He rocks the babe a bit, sort of bounces it really, and Emil remembers hopping up and down on his knee when she’d been just a bit smaller. Probably these babies will be small enough for that. And there’s two babies. Da only has two knees. Her lips screw up as the jealousy washes over her and she feels it, though she’s knows she ought not to. “Don’t make that face, Emilia,” Mother says, and Emil smoothes out the lines of her face the way Mother makes her smooth her dress with her hands. _Pat, pat and then hands in the lap. Remember to cross your ankles, young lady._ She tries to lean up and over her mother’s arm, to look into Bethany’s face. She wants to reach over and pet her—careful, of course—but just to see if the hair and the skin are as soft and squishy as they look.

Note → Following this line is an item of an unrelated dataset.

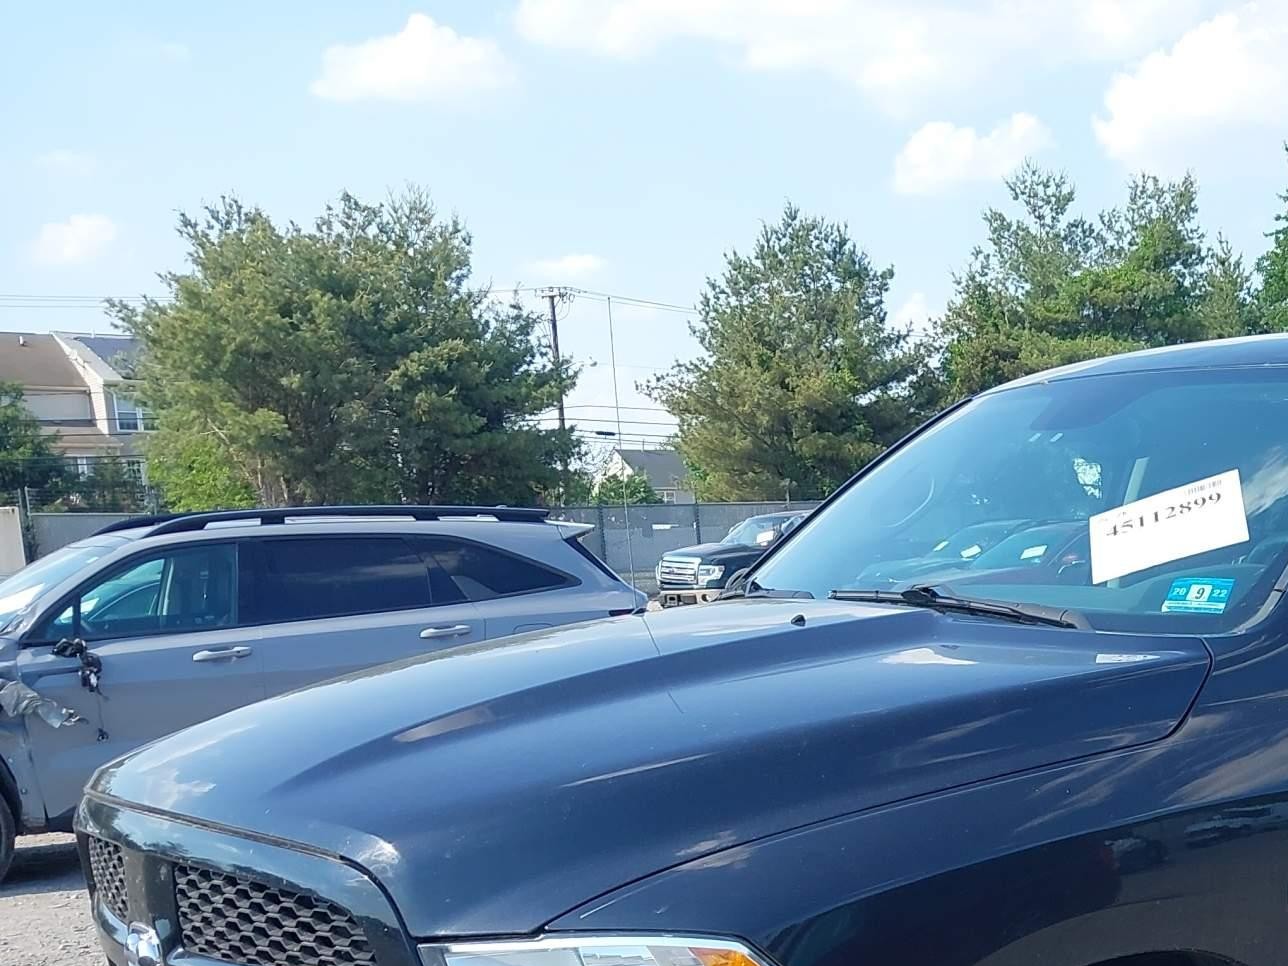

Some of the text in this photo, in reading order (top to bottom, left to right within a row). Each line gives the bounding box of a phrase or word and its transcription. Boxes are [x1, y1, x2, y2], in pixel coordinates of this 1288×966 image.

[1106, 492, 1222, 537] 45112899
[1172, 587, 1228, 600] 20 9 22
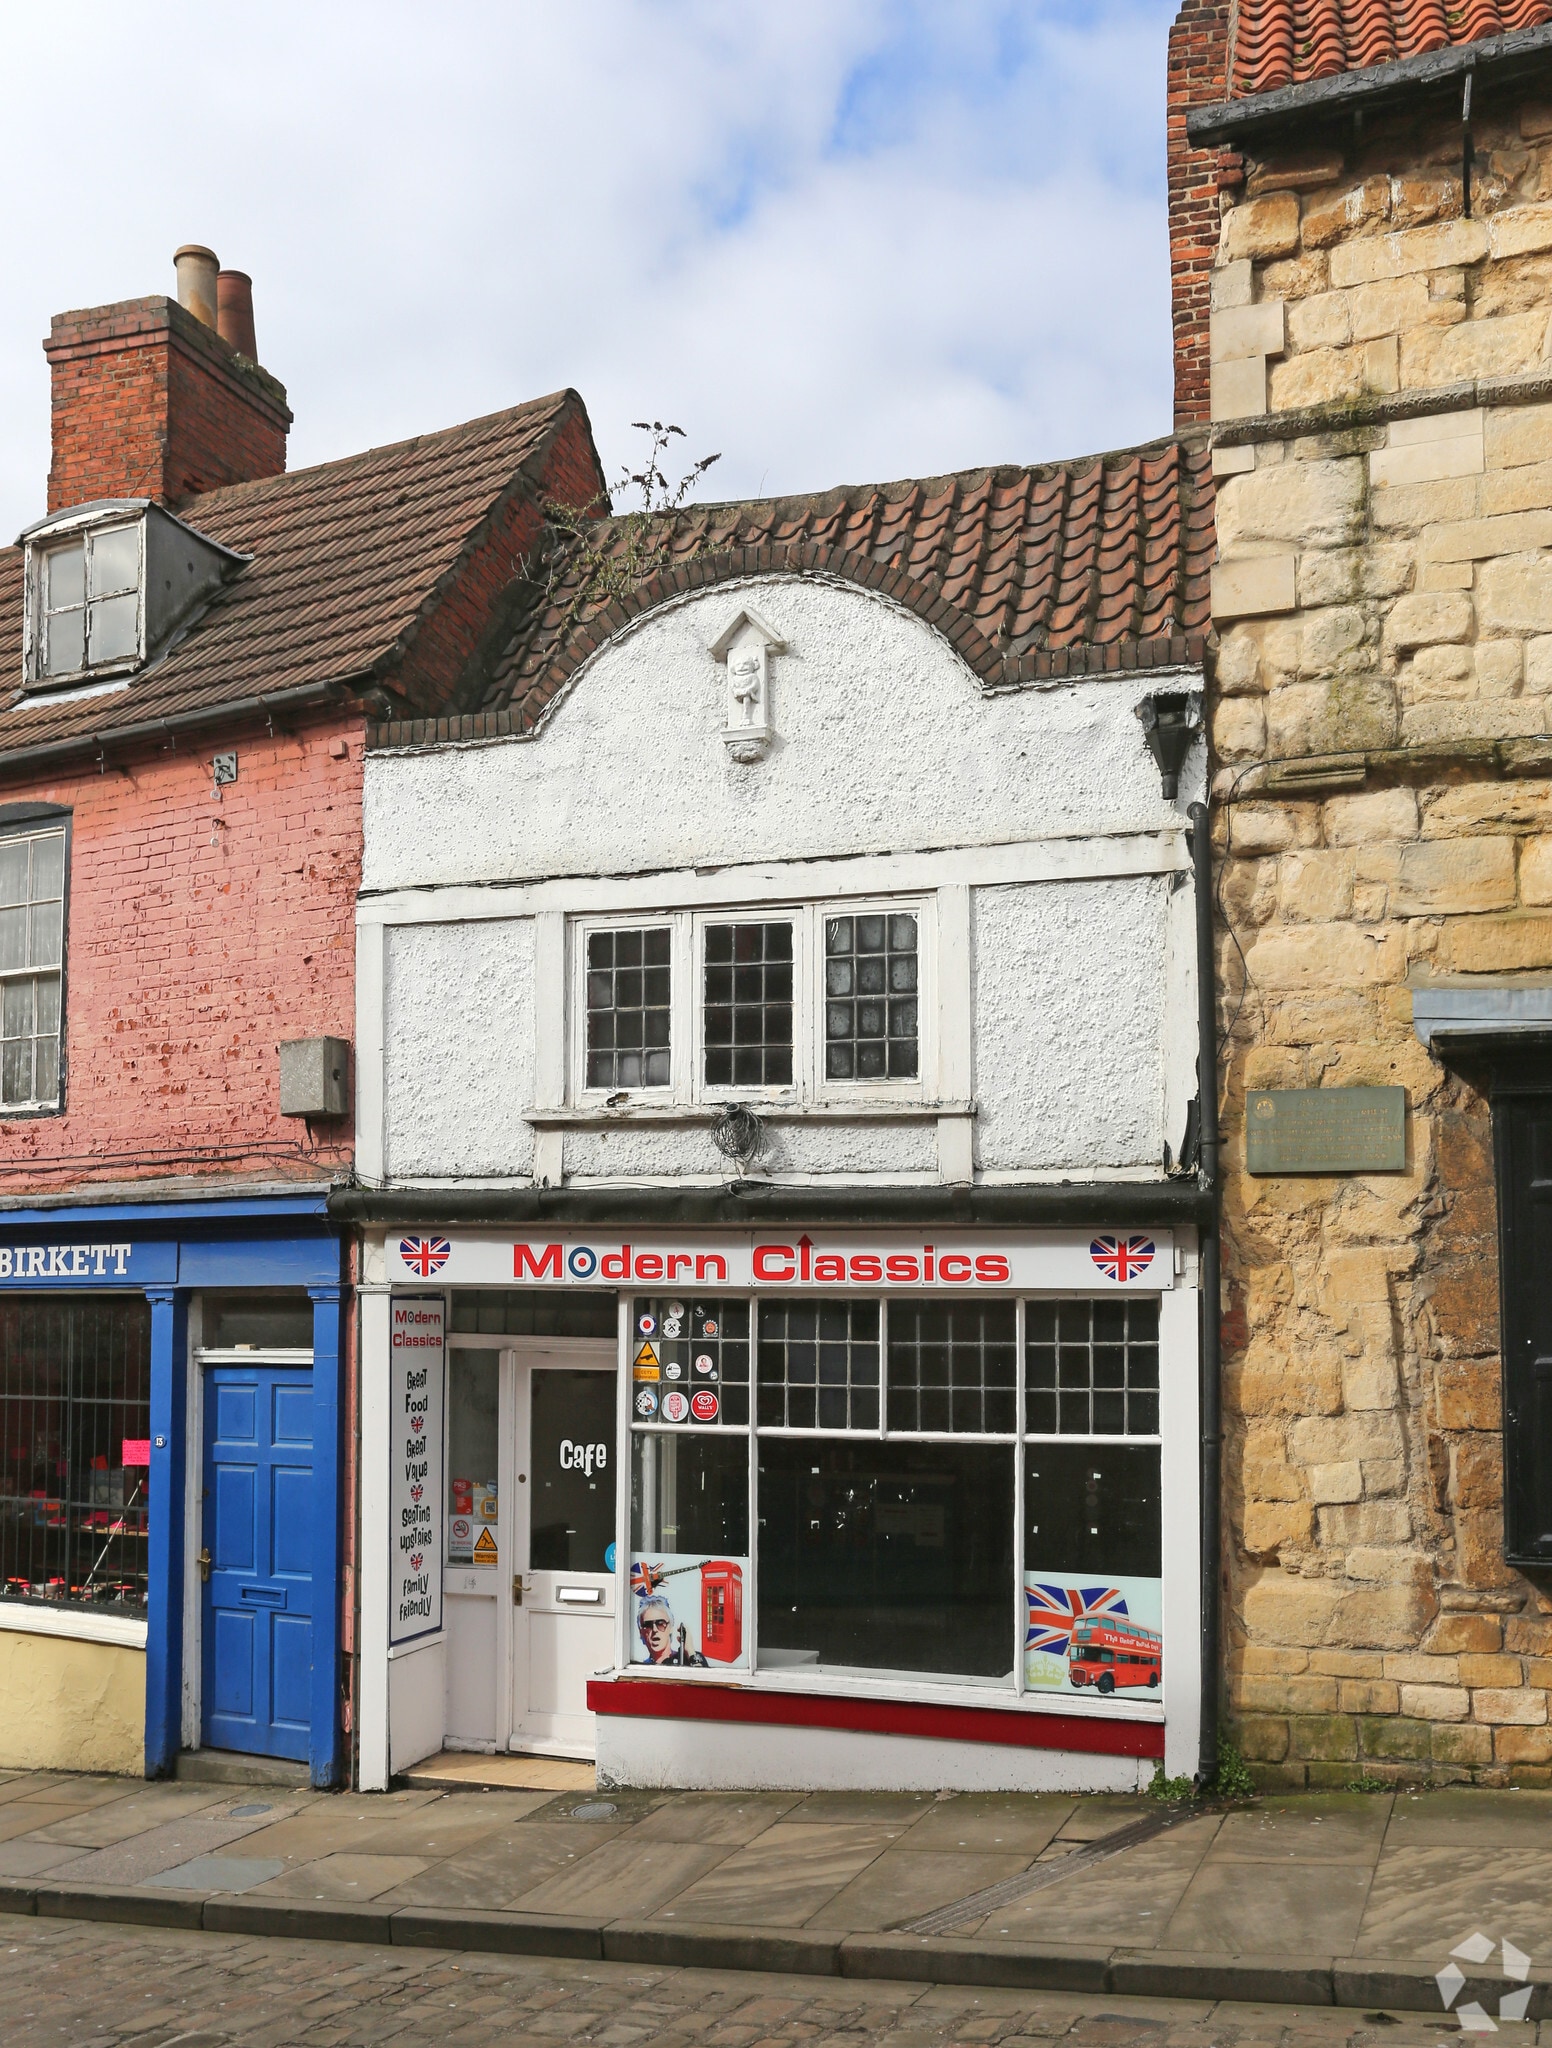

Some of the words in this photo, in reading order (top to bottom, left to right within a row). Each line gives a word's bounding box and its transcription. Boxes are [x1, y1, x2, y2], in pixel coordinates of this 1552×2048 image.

But Mother whispers “She’s sleeping.”

Carver, over in her father’s arms, lets out a little squeaky cry.

“Do you want to hold him?”

Not if he’s going to make so much noise, she doesn’t.

But she does. She wants to poke the little nose and be careful of the little ears and touch the little fingers barely curled around the cloths. She nods.

Da sends her to the chair in the corner and has her cradle her arms, the way she had when the piglets were born and he’d placed them into her waiting grasp. Babies are different, she realizes, and she almost jerks away—what if she drops him or breaks him or makes him cry? What if he makes too much noise and the Templars come? What if he doesn’t like her? What if he doesn’t ever like her?—but Da is slow and careful when he hands her the bundle.

Sort of weighty. Heavier than she’d thought. And squirmy.

But he doesn’t cry and Emil lets out a big breath she hadn’t known she was holding.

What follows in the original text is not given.